When the super model Claudia Schiffer went shopping in a prototype al-electronic ‘Extra Future Store’ in Germany in April, lots of pictures were taken but no-one got snappy about the implications of the technology.
And when Italian fashion house Prada tagged every item in its New York Epicenter store, enabling it to electronically match details of buyers with the products they like, its wealthy customers said nothing at all.
But Benetton’s announcement in April that it plans to electronically tag and track some 15 million items throughout its supply chain, and in its 5,000 stores worldwide, seems to have been an embedded chip too far, both for privacy campaigners and for the image conscious fashion retailer. The biggest ever RFID (radio frequency identification) tagging implementation in the clothing industry has, depending on how the various statements, clarifications and press reports are read, either been postponed, or cancelled, or, according to the most recent statement, was never even definitely planned in the first place.
One thing is clear, however. The three suppliers involved, Philips Electronics (the Dutch manufacturer that makes the I-Code radio tagging systems), LAB ID (the Italian systems integrator), and Psion (supplier of handheld data collection devices), can probably leave the bulk of the multi-million euro order out of their sales forecasts for a year or two – and maybe more.
Benetton’s apparent worry is that consumers, acting rationally or not, will boycott the shops or damage the company’s chic image because of privacy concerns. And that, for a company that so heavily relies on a carefully cultivated brand and image, could create financial damage that far outweighs any benefits in terms of improved supply chain economics.
Although it was Philips, and not Benetton, that publicly announced the RFID plan back in March, Terry Phipps, Benetton’s consulting CIO, was happy to confirm in press interviews that the project was underway. He explained how initially carton-level tracking, and later item-level tagging, would enable items of Sisley clothing to be closely tracked throughout the supply chain. “This is a huge saving for our store owners. It makes the management of the shops more efficient.”
Even at that stage, however, privacy concerns were clearly an issue. Benetton said it would use the RFID system to tag cartons, not the items of clothing. Item-level tagging was only a possibility for later down the line, and would need a further investment. The point is underlined by the fact that Benetton uses franchises, and does not own its stores. So the store owners would have to make the investment, not Benetton.
And from the outset, Phipps, the CIO, stressed that there was no plan to track the garments after they have been sold. “Once a garment has been sold, it is not your property anymore.”
This seems an obvious point. However, some zealots in the RFID industry have suggested that if items can be tracked after purchase, then returning customers can immediately be identified as they re-enter the store – and that means they can be welcomed and made special offers. Some have even suggested that big personalised welcome messages be displayed on electronic screens as customers enter wearing their purchases.

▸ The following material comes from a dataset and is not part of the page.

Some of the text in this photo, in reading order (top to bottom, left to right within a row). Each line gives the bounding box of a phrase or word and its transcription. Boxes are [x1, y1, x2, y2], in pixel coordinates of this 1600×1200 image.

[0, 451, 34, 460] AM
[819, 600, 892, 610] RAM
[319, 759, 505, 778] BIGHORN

Such issues have sparked a vigorous debate among privacy campaigners – especially at the Electronic Frontier Foundation, a US pressure group. In January, Gillette’s decision to buy half a billion tags sparked calls to boycott the company, with one campaigner saying he would “grow a beard” rather than buy from Gillette.

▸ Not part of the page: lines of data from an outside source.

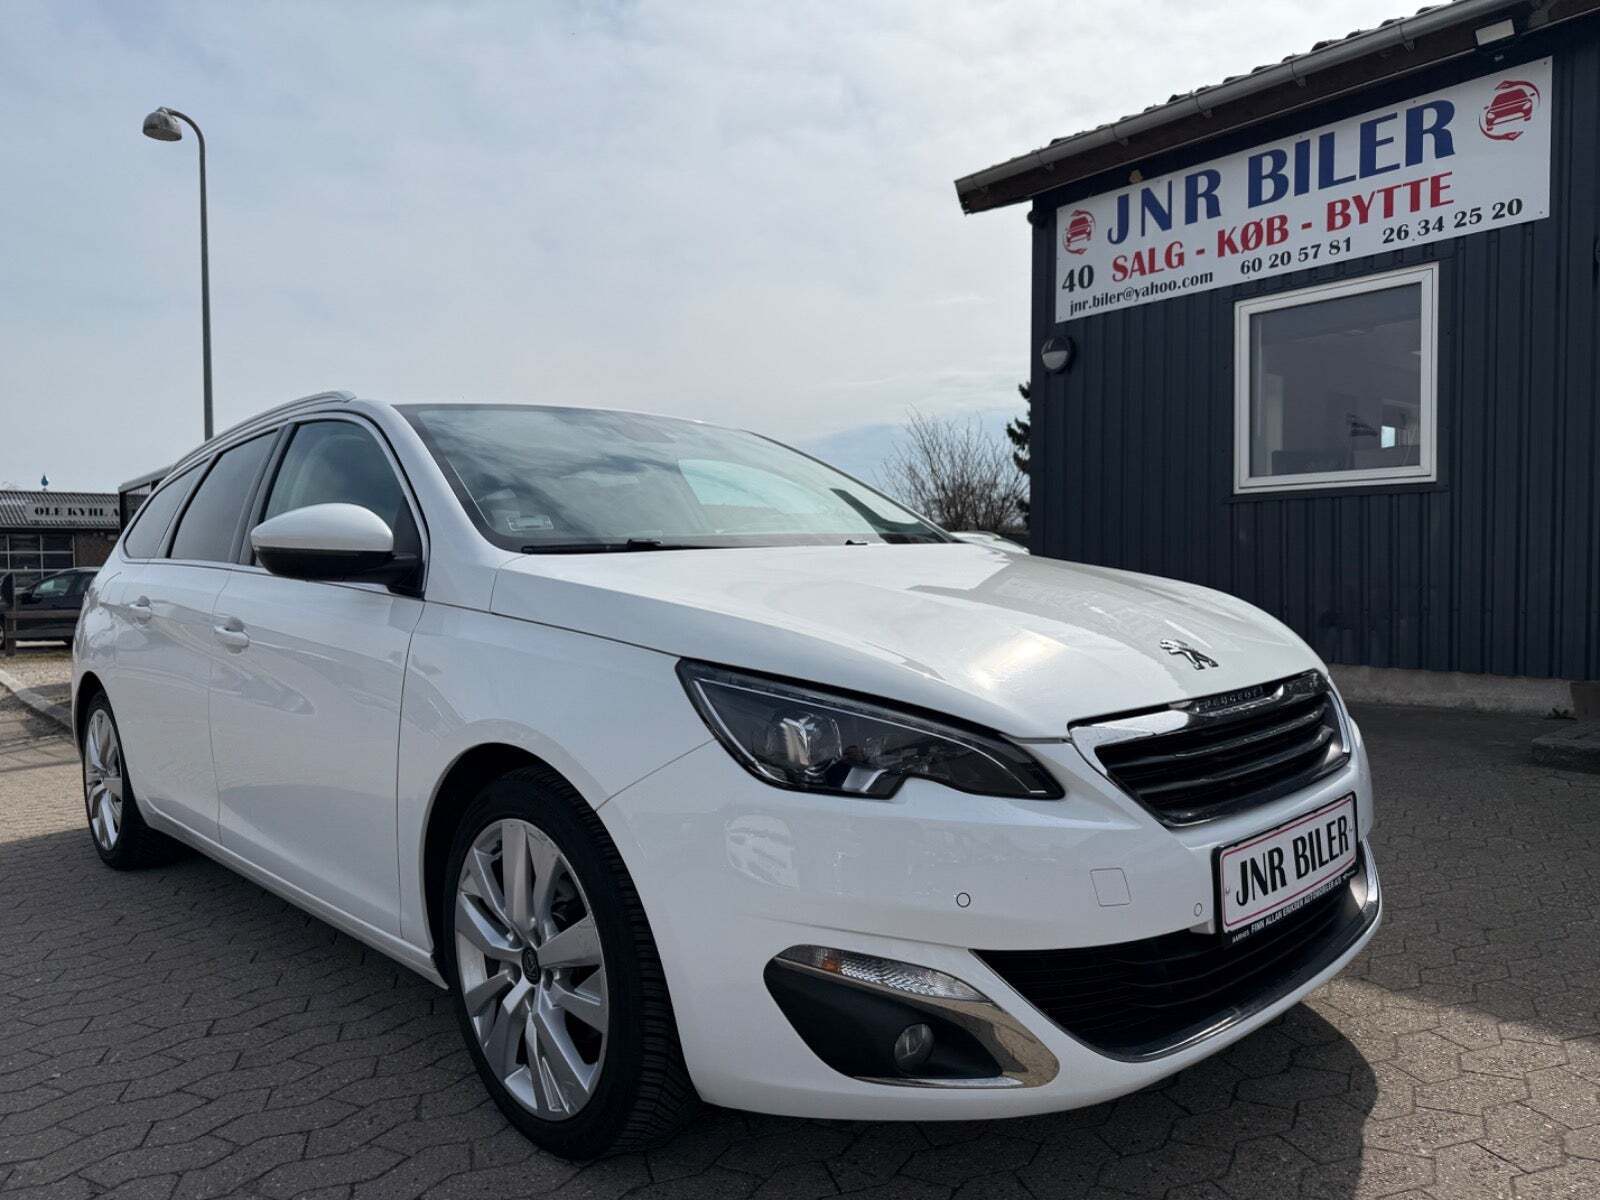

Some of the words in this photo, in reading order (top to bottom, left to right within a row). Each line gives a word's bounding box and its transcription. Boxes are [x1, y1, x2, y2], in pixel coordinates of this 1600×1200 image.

[1107, 168, 1221, 245] JNR
[1247, 99, 1456, 209] BILER
[1112, 240, 1185, 283] SALG
[1217, 214, 1289, 259] KØB
[1326, 171, 1455, 232] BYTTE
[1382, 224, 1410, 245] 26
[1416, 216, 1445, 237] 34
[1453, 208, 1483, 229] 25
[1492, 198, 1523, 220] 20
[1061, 264, 1095, 293] 40
[1240, 257, 1263, 275] 60
[1268, 250, 1292, 269] 20
[1297, 243, 1322, 262] 57
[1328, 236, 1351, 256] 81
[1069, 271, 1214, 316] jnr.biler@yahoo.com
[34, 507, 62, 516] OLE
[1236, 846, 1288, 906] JNR
[1292, 815, 1350, 880] BILER

It is still not entirely clear what threats, if any, were made to Benetton. However, in late April the company issued a statement saying: “No microchips are present in more than 100 million garments produced and sold throughout the world under its brand names, including the Sisley brand.”
It went on to say that it was only studying the use of the technology, and that it had not even carried out any feasibility studies. Its studies, it emphasised, would take into account any “potential implications for individual privacy”.
Specialists in the RFID business say, however, that Benetton’s close working relationship (and family ties) with the systems integrator, LAB ID, and with Philips, suggest that the carton-level tracking plan, at least, will go ahead.
As if to show its irritation for having to publicly deal with the whole matter, that statement also added: “The company reserves the right to take the most appropriate decision to generate maximum value for its stakeholders and customers.”
Phipps told one supply chain web site, Frontline, that, “To do the kind of tracking that causes these concerns, our employees would have to follow people around at a distance of 30 centimetres. I think our customers would notice that.”
For privacy campaigners, this would not probably not be reassuring. Such systems, once installed and accepted, can easily be upgraded, they say.
The likelihood is that the system will go ahead, but more cautiously. But executives at Philips, as at Benetton and elsewhere, are now starting to think about how to handle the rumblings over privacy that are gradually building up around the use of RFID chips by retailers and others.
As AMR analyst John Fontanella advised, “This is a clear warning sign to other companies planning to introduce the use of tags into a consumer setting. More general education needs to be given on the technology and the benefits it will bring to consumers in their shopping experience.”